## DATA EXCERPTS:
------------------------------------

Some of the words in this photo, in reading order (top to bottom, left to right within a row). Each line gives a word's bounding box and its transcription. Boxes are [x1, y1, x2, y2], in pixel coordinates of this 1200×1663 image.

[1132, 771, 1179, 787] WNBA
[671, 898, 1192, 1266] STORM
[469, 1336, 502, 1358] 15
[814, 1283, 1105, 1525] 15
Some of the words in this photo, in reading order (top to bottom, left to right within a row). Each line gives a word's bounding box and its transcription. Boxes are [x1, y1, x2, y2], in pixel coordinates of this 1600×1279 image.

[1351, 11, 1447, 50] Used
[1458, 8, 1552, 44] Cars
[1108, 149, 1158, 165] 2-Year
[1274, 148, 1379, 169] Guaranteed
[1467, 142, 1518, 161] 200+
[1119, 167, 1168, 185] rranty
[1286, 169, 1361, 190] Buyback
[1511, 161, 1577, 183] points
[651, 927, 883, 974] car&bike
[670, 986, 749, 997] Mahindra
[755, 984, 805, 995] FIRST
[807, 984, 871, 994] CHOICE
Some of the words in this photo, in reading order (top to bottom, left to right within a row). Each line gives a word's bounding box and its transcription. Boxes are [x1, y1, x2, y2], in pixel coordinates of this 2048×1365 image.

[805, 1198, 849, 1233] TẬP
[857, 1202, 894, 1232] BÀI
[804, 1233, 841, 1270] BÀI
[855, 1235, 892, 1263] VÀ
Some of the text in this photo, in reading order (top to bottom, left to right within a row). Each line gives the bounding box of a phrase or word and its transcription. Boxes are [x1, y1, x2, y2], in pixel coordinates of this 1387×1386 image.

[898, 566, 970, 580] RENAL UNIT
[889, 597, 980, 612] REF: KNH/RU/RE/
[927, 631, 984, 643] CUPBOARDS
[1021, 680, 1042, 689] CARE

------------------------------------

## EXERCISE REQUIREMENTS:
In full and without edits, repeat the listing above.

## OUTPUT FOR THIS EXERCISE:
Some of the words in this photo, in reading order (top to bottom, left to right within a row). Each line gives a word's bounding box and its transcription. Boxes are [x1, y1, x2, y2], in pixel coordinates of this 1200×1663 image.

[1132, 771, 1179, 787] WNBA
[671, 898, 1192, 1266] STORM
[469, 1336, 502, 1358] 15
[814, 1283, 1105, 1525] 15
Some of the words in this photo, in reading order (top to bottom, left to right within a row). Each line gives a word's bounding box and its transcription. Boxes are [x1, y1, x2, y2], in pixel coordinates of this 1600×1279 image.

[1351, 11, 1447, 50] Used
[1458, 8, 1552, 44] Cars
[1108, 149, 1158, 165] 2-Year
[1274, 148, 1379, 169] Guaranteed
[1467, 142, 1518, 161] 200+
[1119, 167, 1168, 185] rranty
[1286, 169, 1361, 190] Buyback
[1511, 161, 1577, 183] points
[651, 927, 883, 974] car&bike
[670, 986, 749, 997] Mahindra
[755, 984, 805, 995] FIRST
[807, 984, 871, 994] CHOICE
Some of the words in this photo, in reading order (top to bottom, left to right within a row). Each line gives a word's bounding box and its transcription. Boxes are [x1, y1, x2, y2], in pixel coordinates of this 2048×1365 image.

[805, 1198, 849, 1233] TẬP
[857, 1202, 894, 1232] BÀI
[804, 1233, 841, 1270] BÀI
[855, 1235, 892, 1263] VÀ
Some of the text in this photo, in reading order (top to bottom, left to right within a row). Each line gives the bounding box of a phrase or word and its transcription. Boxes are [x1, y1, x2, y2], in pixel coordinates of this 1387×1386 image.

[898, 566, 970, 580] RENAL UNIT
[889, 597, 980, 612] REF: KNH/RU/RE/
[927, 631, 984, 643] CUPBOARDS
[1021, 680, 1042, 689] CARE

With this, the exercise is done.